업데이트:

1. A survey on LLM Generated text detection(2024)

Motivation

Why should we learn how to detect an LLM generated text?

  • It can spread an erroneous knowledge
  • risk of malicious exploitation (some fraud stuffs, spam production…)
  • MAD(Model Autophagy disorder : Alemohammad et al.) - It can lead to a reduction in quality and diversity in subsuquent model.

Also, current detection technologies by algorithm and by human are both unreliable.

Problem Statements and Characteristics

\[D(x) = \begin{cases} 1 & \text{if } x \text{ is generated by LLMs} \\ 0 & \text{if } x \text{ is written by human} \end{cases}\]

Basically, it is binary classification problem.


Disparities between human and LLM generated text

  • Length & Vocabulary: LLM outputs are typically ~2x longer, but with more limited vocabulary.
  • Stylistic Features:
    • More grammatical simplicity
    • Frequent use of passive voice and narrative style
  • Structural Traits:
    • Stronger organization, logic, formality, and objectivity
    • More comprehensive and detailed responses
  • Content Quality:
    • Less biased or harmful content
    • Occasionally illogical or factually incorrect details (“hallucinations”)
  • Linguistic Patterns:
    • Higher frequency of nouns, verbs, determiners, adjectives, auxiliaries, conjunctions, particles
    • Lower frequency of adverbs and punctuation
  • Emotional Tone:
    • Lower emotional intensity
    • Clearer, more neutral, often with a positive bias

ex)

Human : I think ~ , I believe ~

AI : That is known as~, This is the fact that ~


Text generation mechanism is predicting subsequent tokens sequentially, not instantaneously.

The quality of decoded text is intrinsically tied to the decoding strategy.


Related works and investigation so far

Tang, Chuang,and Hu (2023) present another survey, categorizing detection methods into black-box detection and white-box detection

  1. Black-box Detection
    • Detects text without access to the model’s internal structure or parameters.
    • Works by analyzing text content and style alone.
    • +: Can be applied in real-world settings without model access.
    • -: Accuracy may drop as LLMs produce more human-like text.
  2. White-box Detection
    • Uses internal model information, such as probabilities, parameters, or training data.
    • +: Higher accuracy and more precise detection.
    • -: Requires access to the model, which is often limited.

Corpus

High quality datasets(labeled data) are pivotal for advancing research in LLM generated text detection.

But, procuring such high quality labeled data demands lot of resources.

Detection datasets

Potential datasets

Detection datasets(corpus) are meant to be used in LLM generated text detection.

On the other hand, potential datasets are meant to be used in regular tasks(Q&A, machine translation, story generation…) but, it found out that it can be used in LLM generated text detection research.

Since it is designed for regular tasks, it only includes human generated texts, we have to append the LLM generated text on the same tasks.


Remaining challenges

  • Multiple types of attack
  • Multi domains
  • Multiple LLMs & outdated LLMs
  • Multilingual

A noticeable trend among researchers is the tendency to utilize datasets originally designed for other tasks as human-written texts, and produce LLM-generated texts base on them for training detectors.

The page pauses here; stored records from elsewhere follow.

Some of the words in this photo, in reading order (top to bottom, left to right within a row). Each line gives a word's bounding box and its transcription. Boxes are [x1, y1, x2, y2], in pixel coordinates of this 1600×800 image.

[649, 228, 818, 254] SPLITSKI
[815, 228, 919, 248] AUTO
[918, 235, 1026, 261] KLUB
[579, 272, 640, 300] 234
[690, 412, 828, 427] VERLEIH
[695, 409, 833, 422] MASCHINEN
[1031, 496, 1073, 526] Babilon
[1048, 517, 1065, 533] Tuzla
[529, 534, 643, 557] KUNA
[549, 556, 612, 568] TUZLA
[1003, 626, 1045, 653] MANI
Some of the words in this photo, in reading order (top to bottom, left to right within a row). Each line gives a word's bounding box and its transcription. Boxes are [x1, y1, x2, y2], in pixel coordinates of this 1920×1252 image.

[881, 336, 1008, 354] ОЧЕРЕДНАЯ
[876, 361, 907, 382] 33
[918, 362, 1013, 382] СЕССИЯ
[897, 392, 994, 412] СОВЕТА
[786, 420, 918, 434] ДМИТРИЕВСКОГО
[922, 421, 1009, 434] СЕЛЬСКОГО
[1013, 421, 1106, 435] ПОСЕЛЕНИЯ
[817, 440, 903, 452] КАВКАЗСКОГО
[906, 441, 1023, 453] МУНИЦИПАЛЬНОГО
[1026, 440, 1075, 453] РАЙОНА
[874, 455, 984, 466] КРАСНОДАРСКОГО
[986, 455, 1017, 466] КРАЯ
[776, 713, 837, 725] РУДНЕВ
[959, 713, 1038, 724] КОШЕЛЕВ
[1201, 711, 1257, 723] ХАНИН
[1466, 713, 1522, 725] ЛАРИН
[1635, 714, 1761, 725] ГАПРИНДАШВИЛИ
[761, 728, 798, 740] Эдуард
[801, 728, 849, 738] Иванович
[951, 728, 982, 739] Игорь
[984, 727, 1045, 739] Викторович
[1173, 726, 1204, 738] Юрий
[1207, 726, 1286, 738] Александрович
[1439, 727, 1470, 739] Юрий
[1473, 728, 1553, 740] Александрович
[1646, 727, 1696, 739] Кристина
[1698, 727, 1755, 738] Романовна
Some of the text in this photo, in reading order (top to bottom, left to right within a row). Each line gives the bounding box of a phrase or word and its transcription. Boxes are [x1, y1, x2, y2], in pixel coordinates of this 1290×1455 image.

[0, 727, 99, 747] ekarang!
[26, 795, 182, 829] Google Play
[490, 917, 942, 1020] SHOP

This approach arises from the limitations of existing datasets or benchmarks in comprehensively addressing diverse research perspectives

  1. Problem: High-quality datasets for LLM detection are scarce and difficult to create from scratch.
  2. Workaround: Researchers repurpose existing datasets that were originally made for other tasks (e.g., Q&A, summarization).
  3. New Issue: Since this recycled data is tailored to a specific purpose, detectors develop a “narrow perspective” and fail to perform well in diverse, real-world scenarios.

Advances in Research*

We will have a look in 4 types of detectors

  1. Watermarking method
  2. Statistics-Based method
  3. Neural based method
  4. human assisted method

Watermarking Technology

The fundamental idea behind watermarking is a “Lock and Key” system. The method used to embed the watermark (the lock) is always paired with a specific algorithm to detect it (the key). This key is secret and is almost always held exclusively by the LLM provider (e.g., Google, OpenAI). You cannot detect a watermark without the corresponding key.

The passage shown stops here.